● Goal of the exercise
Copy the listing as it is written, and leave each picture out.

● Given data
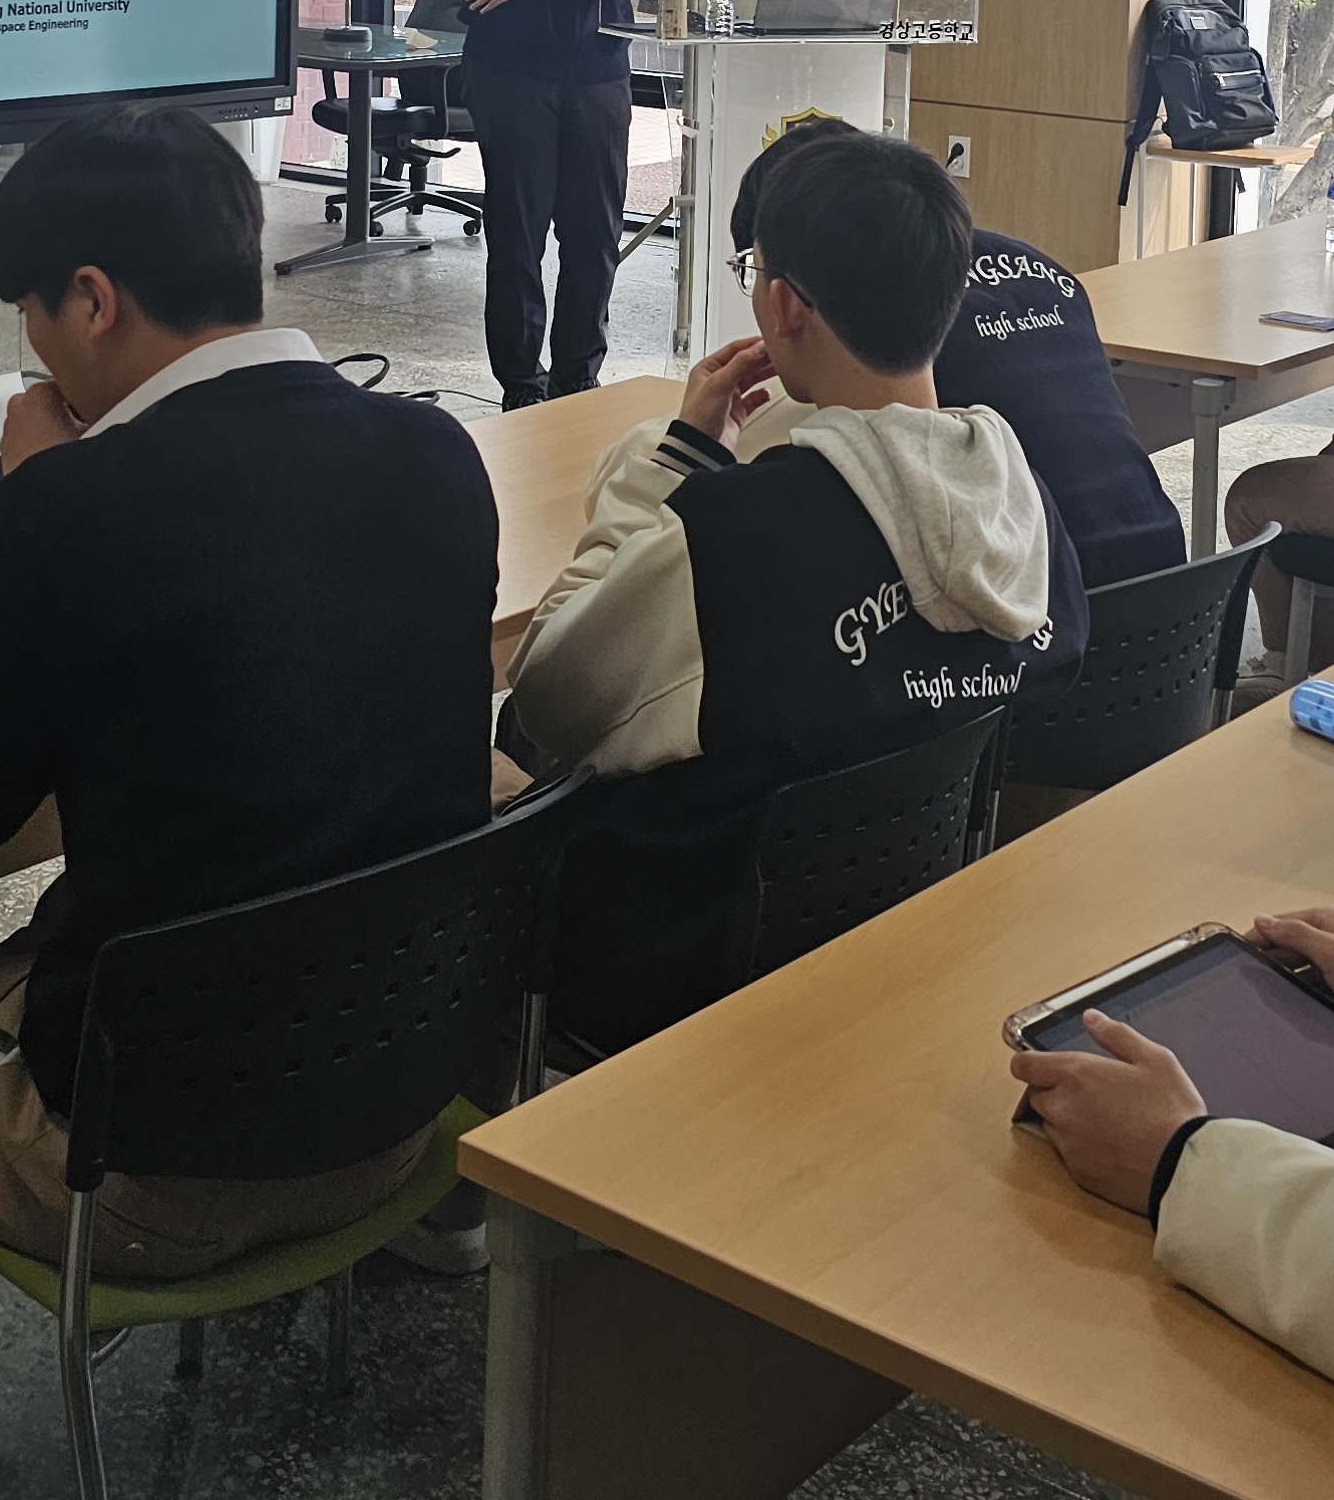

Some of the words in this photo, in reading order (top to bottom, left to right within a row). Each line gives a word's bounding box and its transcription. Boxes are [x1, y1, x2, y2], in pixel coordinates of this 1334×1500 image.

[7, 0, 62, 17] National
[29, 18, 89, 32] Engineering
[879, 21, 973, 41] 경상고등학교
[965, 254, 1075, 298] NGSANG
[975, 311, 1016, 341] high
[1016, 304, 1065, 331] school
[903, 666, 956, 709] high
[962, 661, 1026, 698] school
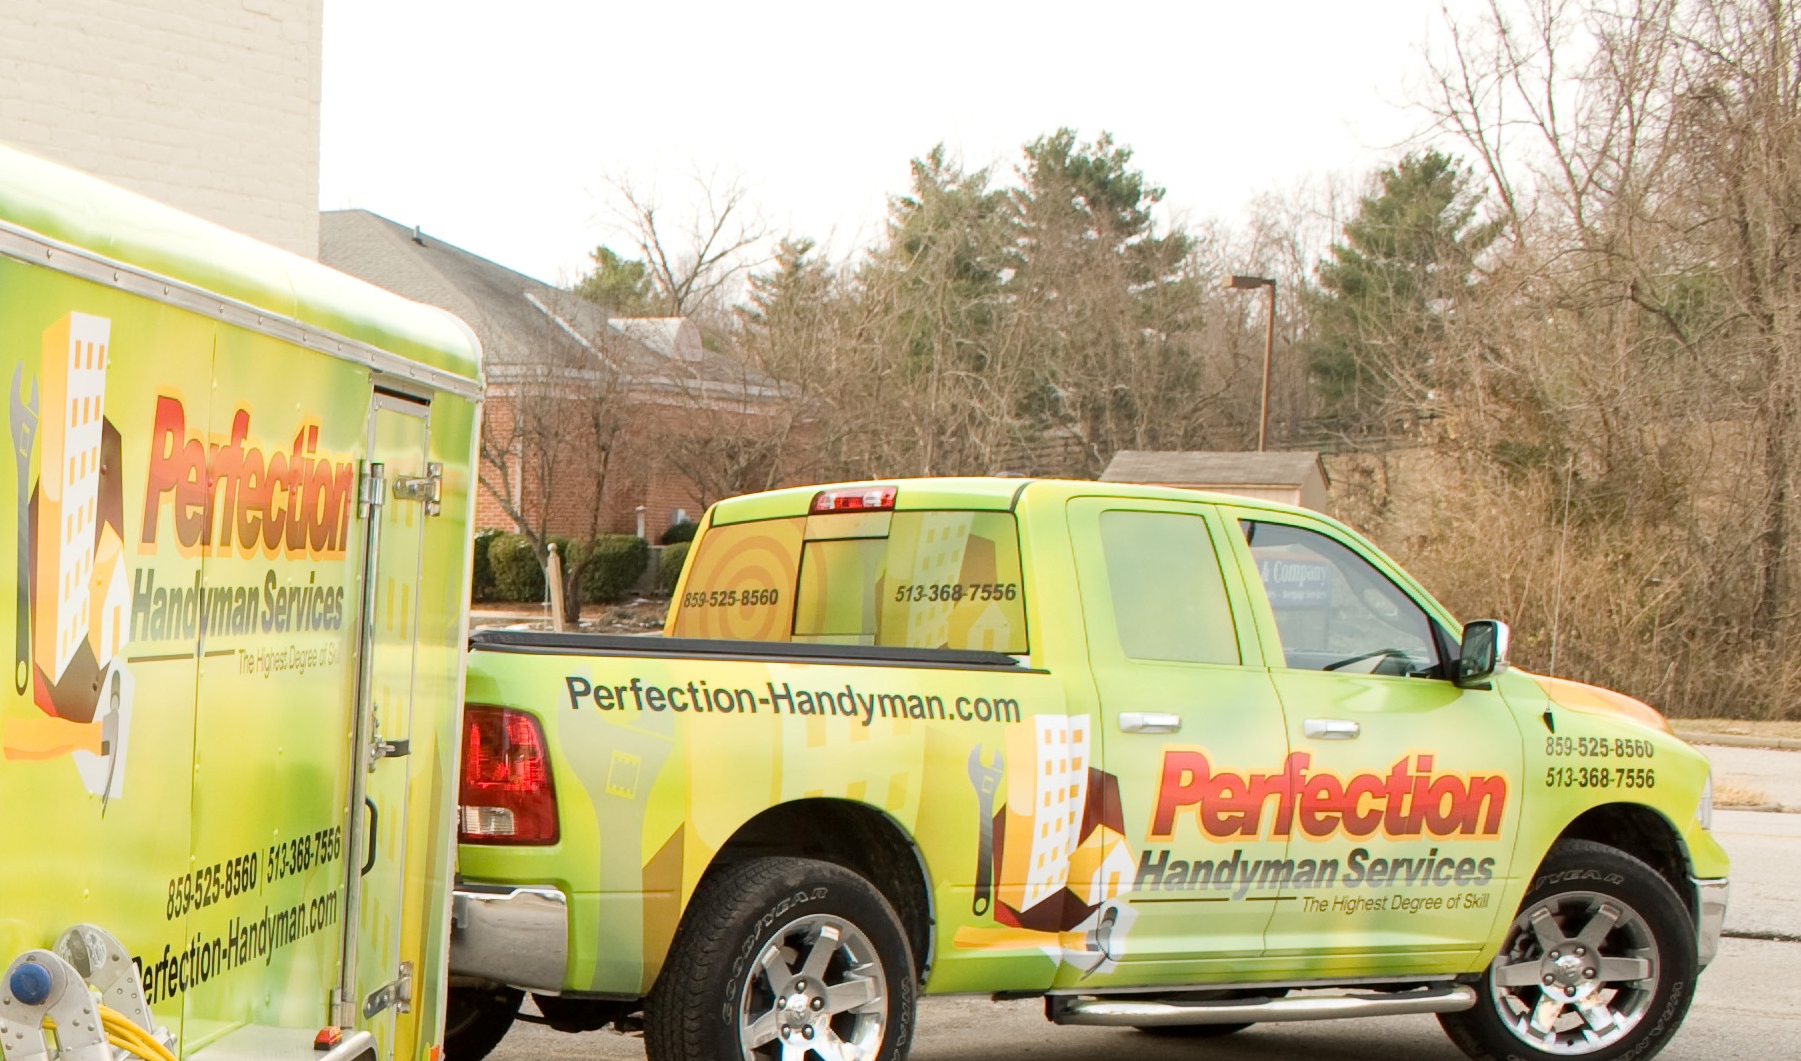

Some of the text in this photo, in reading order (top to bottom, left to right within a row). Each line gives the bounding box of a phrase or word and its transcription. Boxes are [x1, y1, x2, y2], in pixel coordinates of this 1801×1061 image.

[141, 393, 354, 553] Perfection
[895, 583, 1017, 602] 513-368-7556
[1273, 560, 1328, 588] Company
[129, 568, 344, 656] Handyman Services
[683, 588, 779, 608] 859-525-8560
[239, 648, 254, 675] The
[256, 646, 287, 679] Highest
[289, 644, 318, 675] Degree
[566, 676, 1022, 726] Perfection-Handyman.com
[1545, 736, 1654, 758] 859-525-8560
[1151, 751, 1507, 837] Perfection
[1545, 767, 1655, 788] 513-368-7556
[167, 852, 257, 921] 859-525-8560
[267, 825, 341, 883] 513-368-7556
[1132, 848, 1496, 899] Handyman Services
[1303, 893, 1490, 915] The Highest Degree of Skill
[722, 887, 828, 1025] GOODYEAR
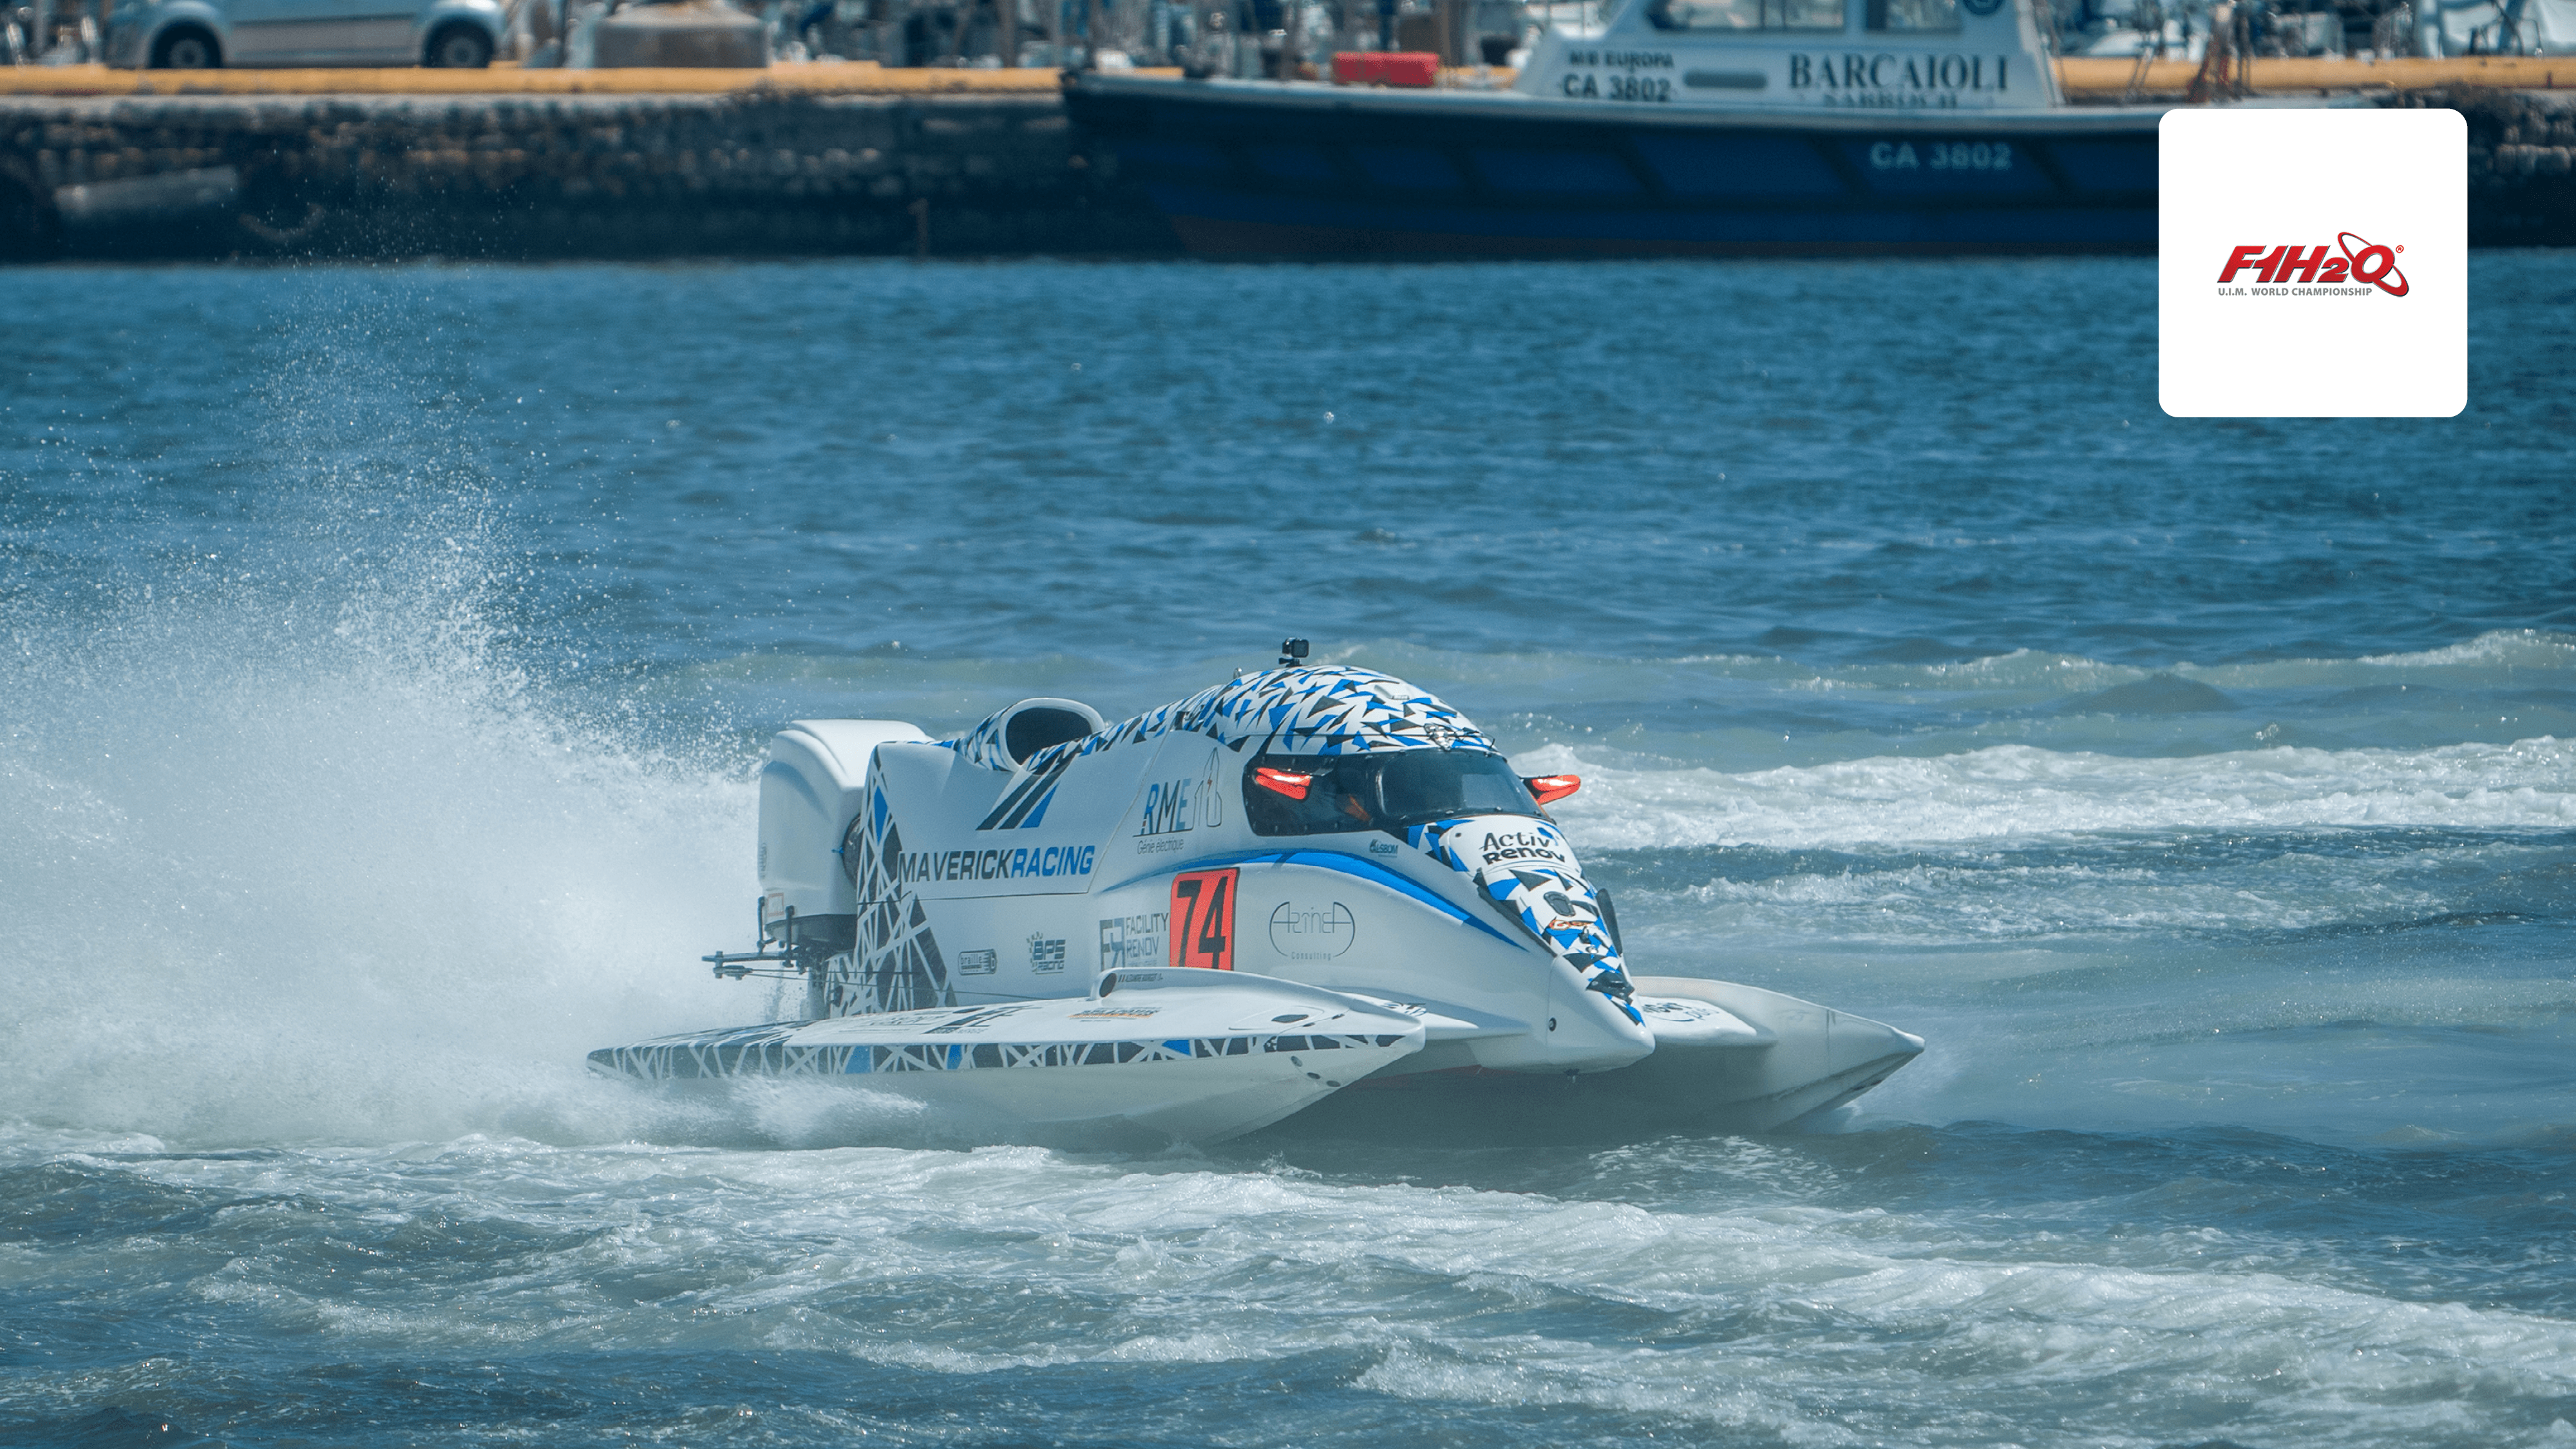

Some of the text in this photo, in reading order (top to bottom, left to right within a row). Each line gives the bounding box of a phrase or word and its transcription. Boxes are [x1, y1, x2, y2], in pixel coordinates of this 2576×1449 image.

[1605, 50, 1674, 69] EUROPA
[1790, 53, 2007, 91] BARCAIOLI
[1563, 73, 1671, 102] CA 3802
[1869, 141, 2012, 171] CA 3802
[1140, 778, 1191, 835] RME
[1479, 832, 1550, 851] Activ
[1482, 848, 1565, 865] Renov
[1126, 913, 1169, 935] FACILITY
[1177, 876, 1228, 969] 74
[1033, 939, 1066, 960] BPS
[1126, 936, 1159, 958] RENOV
[1291, 951, 1331, 961] Consulting

● Answer to the exercise
Some of the words in this photo, in reading order (top to bottom, left to right within a row). Each line gives a word's bounding box and its transcription. Boxes are [x1, y1, x2, y2], in pixel coordinates of this 1334×1500 image.

[7, 0, 62, 17] National
[29, 18, 89, 32] Engineering
[879, 21, 973, 41] 경상고등학교
[965, 254, 1075, 298] NGSANG
[975, 311, 1016, 341] high
[1016, 304, 1065, 331] school
[903, 666, 956, 709] high
[962, 661, 1026, 698] school

Some of the text in this photo, in reading order (top to bottom, left to right within a row). Each line gives the bounding box of a phrase or word and its transcription. Boxes are [x1, y1, x2, y2], in pixel coordinates of this 1801×1061 image.

[141, 393, 354, 553] Perfection
[895, 583, 1017, 602] 513-368-7556
[1273, 560, 1328, 588] Company
[129, 568, 344, 656] Handyman Services
[683, 588, 779, 608] 859-525-8560
[239, 648, 254, 675] The
[256, 646, 287, 679] Highest
[289, 644, 318, 675] Degree
[566, 676, 1022, 726] Perfection-Handyman.com
[1545, 736, 1654, 758] 859-525-8560
[1151, 751, 1507, 837] Perfection
[1545, 767, 1655, 788] 513-368-7556
[167, 852, 257, 921] 859-525-8560
[267, 825, 341, 883] 513-368-7556
[1132, 848, 1496, 899] Handyman Services
[1303, 893, 1490, 915] The Highest Degree of Skill
[722, 887, 828, 1025] GOODYEAR

Some of the text in this photo, in reading order (top to bottom, left to right within a row). Each line gives the bounding box of a phrase or word and its transcription. Boxes are [x1, y1, x2, y2], in pixel coordinates of this 2576×1449 image.

[1605, 50, 1674, 69] EUROPA
[1790, 53, 2007, 91] BARCAIOLI
[1563, 73, 1671, 102] CA 3802
[1869, 141, 2012, 171] CA 3802
[1140, 778, 1191, 835] RME
[1479, 832, 1550, 851] Activ
[1482, 848, 1565, 865] Renov
[1126, 913, 1169, 935] FACILITY
[1177, 876, 1228, 969] 74
[1033, 939, 1066, 960] BPS
[1126, 936, 1159, 958] RENOV
[1291, 951, 1331, 961] Consulting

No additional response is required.